In a vote Tuesday night, the Suffolk County Legislature approved a bill that raises the legal age from 19 to 21. The bill prohibits stores in the county from selling cigarettes, cigars, chewing tobacco, herbal cigarettes, rolling papers and pipes, as well as e-cigarettes to anyone under 21. The law goes into effect Jan. 1, according to Newsday.
Legis. William Spencer (D-Centerport) sponsored the bill, which passed by a 10-to-8 vote.
The decision was applauded by health advocates. However, others -- including convenience store owners who said the move would hurt their business -- spoke against the measure. There were also concerns that the bill restricts the rights of legal adults, according to the newspaper.
Jack Rugen, who owns a 7-Eleven store in Rocky Point, N.Y., said his outlet sells about $70 a day in tobacco products to 19- and 20-year-olds. Rugen also has criticized the law, since there will be no penalty for those under 21 who are smoking or buying cigarettes -- only for the retailers caught selling the cigarettes, according to the report.
Minority Leader Legis. John M. Kennedy Jr. (R-Nesconset) argued that by age 19 consumers can make their own decisions:
"Nineteen-year-olds have a bundle of rights -- they can vote, they can marry, they can enter contracts and serve in the military -- but to say they don't have the innate ability to make a choice about tobacco consumption gravely concerns me as overreaching," he said.

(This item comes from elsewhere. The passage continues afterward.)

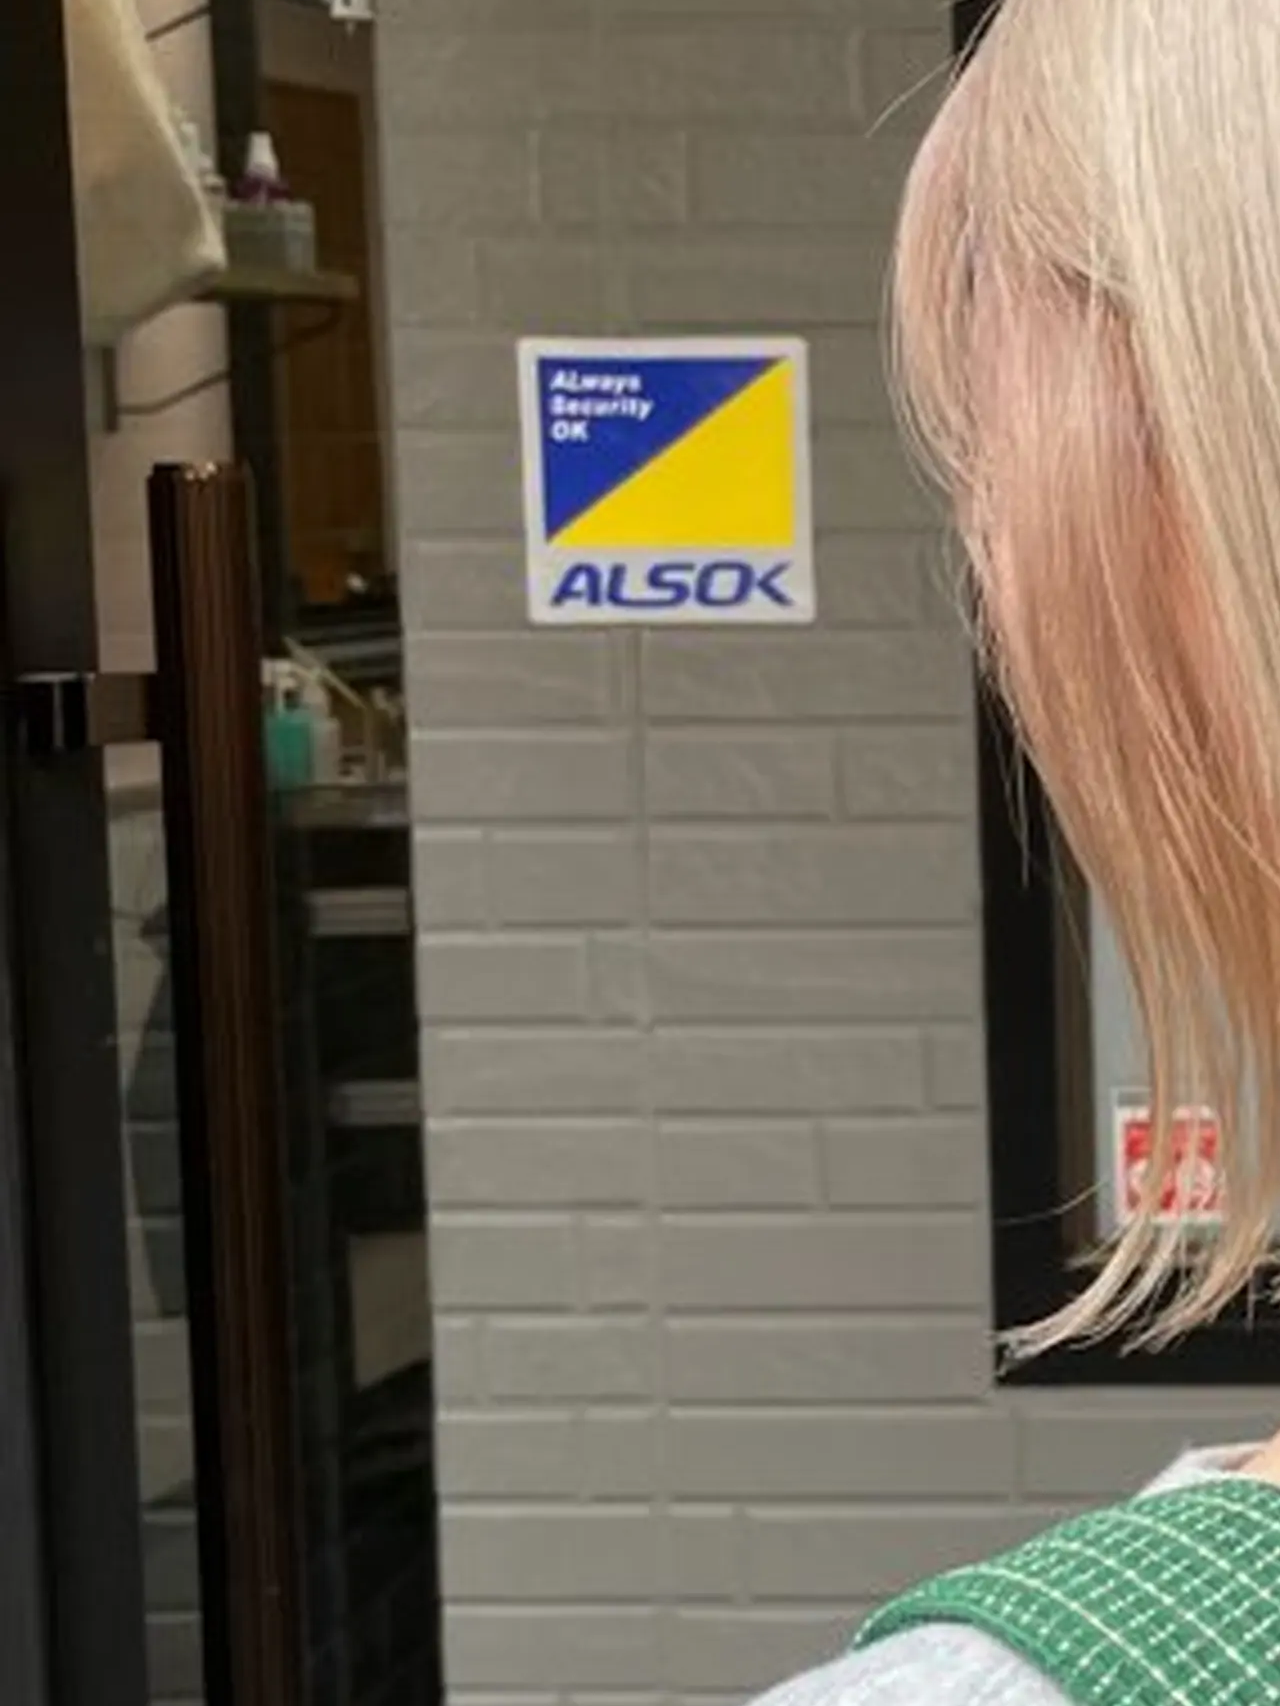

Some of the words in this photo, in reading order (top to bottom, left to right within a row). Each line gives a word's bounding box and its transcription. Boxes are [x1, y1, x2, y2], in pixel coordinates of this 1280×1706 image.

[550, 394, 654, 421] Security
[550, 420, 590, 442] OK
[550, 559, 795, 608] ALSOK

Spencer introduced his bill after the Suffolk County Board of Health recommended raising the age for tobacco sales in November. Suffolk County's new law imposes fines of up to $1,000 for businesses that sell tobacco to customers younger than 21 on a first offense and up to $1,500 for a second offense.
Across the country, Colorado lawmakers are also considering increasing the legal age to buy tobacco products in that state to 21. The House Finance Committee is scheduled to vote on the proposal Wednesday afternoon. The bill would have to clear the full House and then the Senate before it could become law.
Measures to up the legal age have picked up steam over the past few months. Council members in New York City passed an ordinance increasing the age from 18 to 21 in the five boroughs this past November.
However, the move is not exactly sweeping the nation. Just last week, the Vermont House Human Services Committee rejected a bid to boost the age from 18 to 21. Additionally, a similar proposal before the Utah State Senate failed by a 12-to-16 vote in early March, as CSNews Online previously reported.